▼▼▼
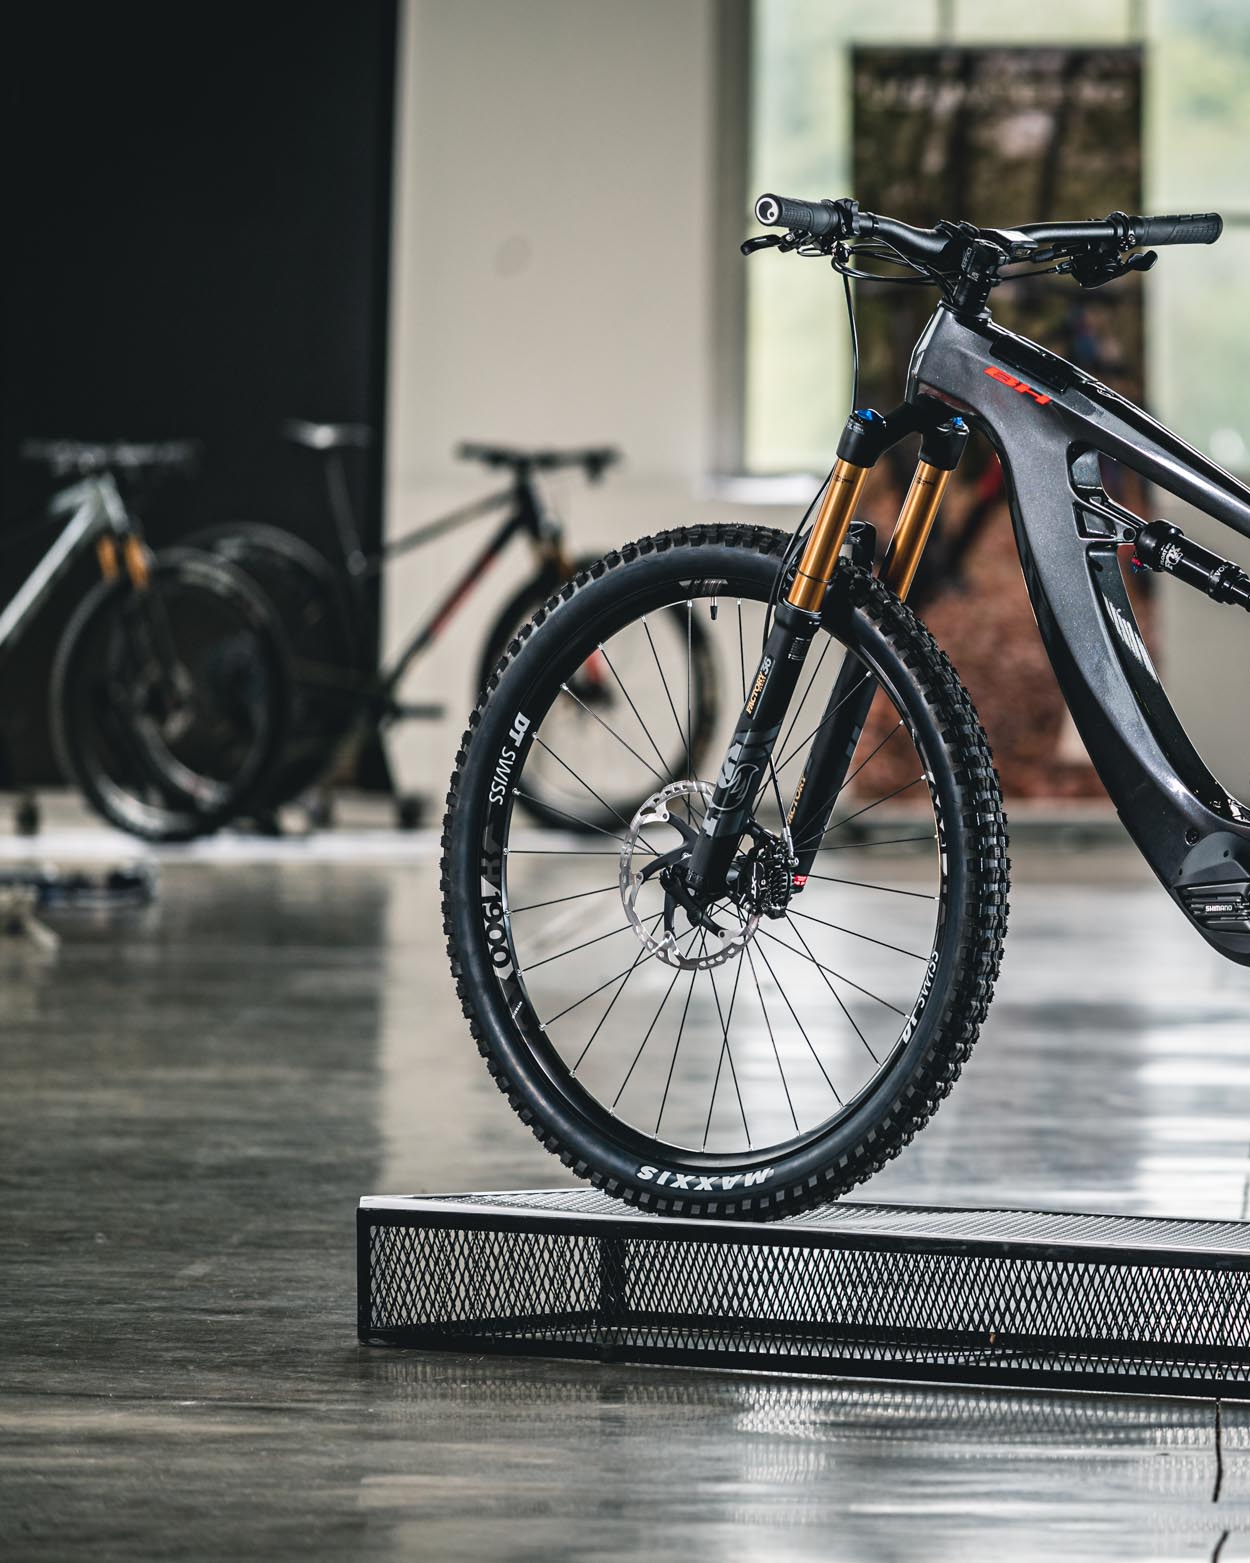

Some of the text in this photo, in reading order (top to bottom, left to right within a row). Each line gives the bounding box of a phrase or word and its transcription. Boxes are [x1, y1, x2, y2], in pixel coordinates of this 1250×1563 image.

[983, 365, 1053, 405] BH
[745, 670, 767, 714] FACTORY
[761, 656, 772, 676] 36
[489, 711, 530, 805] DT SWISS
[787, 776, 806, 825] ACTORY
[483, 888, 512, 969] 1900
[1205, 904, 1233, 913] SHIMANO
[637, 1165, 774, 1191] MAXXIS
▲▲▲
**What is being asked**
Retype the listing above exactly, please. Pictures do not belong in the copy.

**Output for this task**
Some of the text in this photo, in reading order (top to bottom, left to right within a row). Each line gives the bounding box of a phrase or word and its transcription. Boxes are [x1, y1, x2, y2], in pixel coordinates of this 1250×1563 image.

[983, 365, 1053, 405] BH
[745, 670, 767, 714] FACTORY
[761, 656, 772, 676] 36
[489, 711, 530, 805] DT SWISS
[787, 776, 806, 825] ACTORY
[483, 888, 512, 969] 1900
[1205, 904, 1233, 913] SHIMANO
[637, 1165, 774, 1191] MAXXIS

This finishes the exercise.